■ DESCRIPTION OF THE TASK ■
All that is wanted is an exact copy of the line containing "this 1344×1512 image." and the lines after it, through the end of the records.

■ MATERIAL FOR THIS EXERCISE ■

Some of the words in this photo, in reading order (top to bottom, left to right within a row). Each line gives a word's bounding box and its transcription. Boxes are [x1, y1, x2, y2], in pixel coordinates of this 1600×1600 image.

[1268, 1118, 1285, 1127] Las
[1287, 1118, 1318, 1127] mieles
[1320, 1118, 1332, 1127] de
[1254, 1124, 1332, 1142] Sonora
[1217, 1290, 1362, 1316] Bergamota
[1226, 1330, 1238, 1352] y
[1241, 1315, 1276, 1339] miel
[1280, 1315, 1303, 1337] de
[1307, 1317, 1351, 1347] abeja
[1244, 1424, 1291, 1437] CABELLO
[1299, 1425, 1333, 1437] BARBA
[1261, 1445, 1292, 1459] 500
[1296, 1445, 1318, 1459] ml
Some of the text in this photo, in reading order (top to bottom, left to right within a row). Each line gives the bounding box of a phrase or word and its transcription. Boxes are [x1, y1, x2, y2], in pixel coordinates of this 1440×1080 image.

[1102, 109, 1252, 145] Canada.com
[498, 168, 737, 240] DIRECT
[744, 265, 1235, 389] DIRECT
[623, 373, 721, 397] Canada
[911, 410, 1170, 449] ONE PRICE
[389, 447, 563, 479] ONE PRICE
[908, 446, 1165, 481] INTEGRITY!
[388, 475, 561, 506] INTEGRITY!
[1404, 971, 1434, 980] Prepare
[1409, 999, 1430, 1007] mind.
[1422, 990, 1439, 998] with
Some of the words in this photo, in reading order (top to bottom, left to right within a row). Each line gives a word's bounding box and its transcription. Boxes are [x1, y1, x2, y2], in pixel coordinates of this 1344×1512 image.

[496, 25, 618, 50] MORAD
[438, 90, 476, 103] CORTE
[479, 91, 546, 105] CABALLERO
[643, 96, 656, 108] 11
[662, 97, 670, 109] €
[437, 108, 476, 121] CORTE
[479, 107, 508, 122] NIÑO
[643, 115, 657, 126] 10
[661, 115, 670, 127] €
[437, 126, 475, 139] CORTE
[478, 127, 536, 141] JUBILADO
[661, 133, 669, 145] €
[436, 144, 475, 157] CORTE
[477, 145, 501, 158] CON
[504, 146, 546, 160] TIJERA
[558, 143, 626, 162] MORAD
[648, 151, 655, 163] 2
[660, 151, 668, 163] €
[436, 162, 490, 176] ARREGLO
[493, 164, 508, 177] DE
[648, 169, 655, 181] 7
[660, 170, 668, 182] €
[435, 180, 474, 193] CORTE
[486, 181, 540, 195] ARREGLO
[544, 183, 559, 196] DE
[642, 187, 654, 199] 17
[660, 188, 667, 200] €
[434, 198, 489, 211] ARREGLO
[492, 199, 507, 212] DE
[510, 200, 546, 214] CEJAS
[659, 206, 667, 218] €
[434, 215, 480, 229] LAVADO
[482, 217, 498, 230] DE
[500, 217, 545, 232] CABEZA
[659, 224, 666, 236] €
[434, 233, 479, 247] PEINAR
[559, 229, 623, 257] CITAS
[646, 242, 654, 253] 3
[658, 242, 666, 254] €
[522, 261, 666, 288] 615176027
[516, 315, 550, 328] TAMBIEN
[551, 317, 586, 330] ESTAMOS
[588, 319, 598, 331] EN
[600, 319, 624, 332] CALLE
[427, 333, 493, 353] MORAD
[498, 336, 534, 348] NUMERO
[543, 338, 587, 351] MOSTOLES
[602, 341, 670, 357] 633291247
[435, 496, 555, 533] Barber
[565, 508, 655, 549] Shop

■ SOLVED PROBLEM ■
Some of the words in this photo, in reading order (top to bottom, left to right within a row). Each line gives a word's bounding box and its transcription. Boxes are [x1, y1, x2, y2], in pixel coordinates of this 1344×1512 image.

[496, 25, 618, 50] MORAD
[438, 90, 476, 103] CORTE
[479, 91, 546, 105] CABALLERO
[643, 96, 656, 108] 11
[662, 97, 670, 109] €
[437, 108, 476, 121] CORTE
[479, 107, 508, 122] NIÑO
[643, 115, 657, 126] 10
[661, 115, 670, 127] €
[437, 126, 475, 139] CORTE
[478, 127, 536, 141] JUBILADO
[661, 133, 669, 145] €
[436, 144, 475, 157] CORTE
[477, 145, 501, 158] CON
[504, 146, 546, 160] TIJERA
[558, 143, 626, 162] MORAD
[648, 151, 655, 163] 2
[660, 151, 668, 163] €
[436, 162, 490, 176] ARREGLO
[493, 164, 508, 177] DE
[648, 169, 655, 181] 7
[660, 170, 668, 182] €
[435, 180, 474, 193] CORTE
[486, 181, 540, 195] ARREGLO
[544, 183, 559, 196] DE
[642, 187, 654, 199] 17
[660, 188, 667, 200] €
[434, 198, 489, 211] ARREGLO
[492, 199, 507, 212] DE
[510, 200, 546, 214] CEJAS
[659, 206, 667, 218] €
[434, 215, 480, 229] LAVADO
[482, 217, 498, 230] DE
[500, 217, 545, 232] CABEZA
[659, 224, 666, 236] €
[434, 233, 479, 247] PEINAR
[559, 229, 623, 257] CITAS
[646, 242, 654, 253] 3
[658, 242, 666, 254] €
[522, 261, 666, 288] 615176027
[516, 315, 550, 328] TAMBIEN
[551, 317, 586, 330] ESTAMOS
[588, 319, 598, 331] EN
[600, 319, 624, 332] CALLE
[427, 333, 493, 353] MORAD
[498, 336, 534, 348] NUMERO
[543, 338, 587, 351] MOSTOLES
[602, 341, 670, 357] 633291247
[435, 496, 555, 533] Barber
[565, 508, 655, 549] Shop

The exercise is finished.